_TRY IT_
Each record below must be retyped exactly, with nothing left out.

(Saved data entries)

_____

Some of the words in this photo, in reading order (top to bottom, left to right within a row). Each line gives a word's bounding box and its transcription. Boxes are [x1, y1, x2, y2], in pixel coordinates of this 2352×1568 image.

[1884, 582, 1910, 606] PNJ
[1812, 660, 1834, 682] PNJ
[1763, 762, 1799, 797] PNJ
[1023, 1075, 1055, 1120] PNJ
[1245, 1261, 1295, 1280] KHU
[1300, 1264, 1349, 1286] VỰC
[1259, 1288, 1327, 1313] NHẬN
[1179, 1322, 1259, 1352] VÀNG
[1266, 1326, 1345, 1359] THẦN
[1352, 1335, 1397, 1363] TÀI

_____

_OUTPUT_
Some of the words in this photo, in reading order (top to bottom, left to right within a row). Each line gives a word's bounding box and its transcription. Boxes are [x1, y1, x2, y2], in pixel coordinates of this 2352×1568 image.

[1884, 582, 1910, 606] PNJ
[1812, 660, 1834, 682] PNJ
[1763, 762, 1799, 797] PNJ
[1023, 1075, 1055, 1120] PNJ
[1245, 1261, 1295, 1280] KHU
[1300, 1264, 1349, 1286] VỰC
[1259, 1288, 1327, 1313] NHẬN
[1179, 1322, 1259, 1352] VÀNG
[1266, 1326, 1345, 1359] THẦN
[1352, 1335, 1397, 1363] TÀI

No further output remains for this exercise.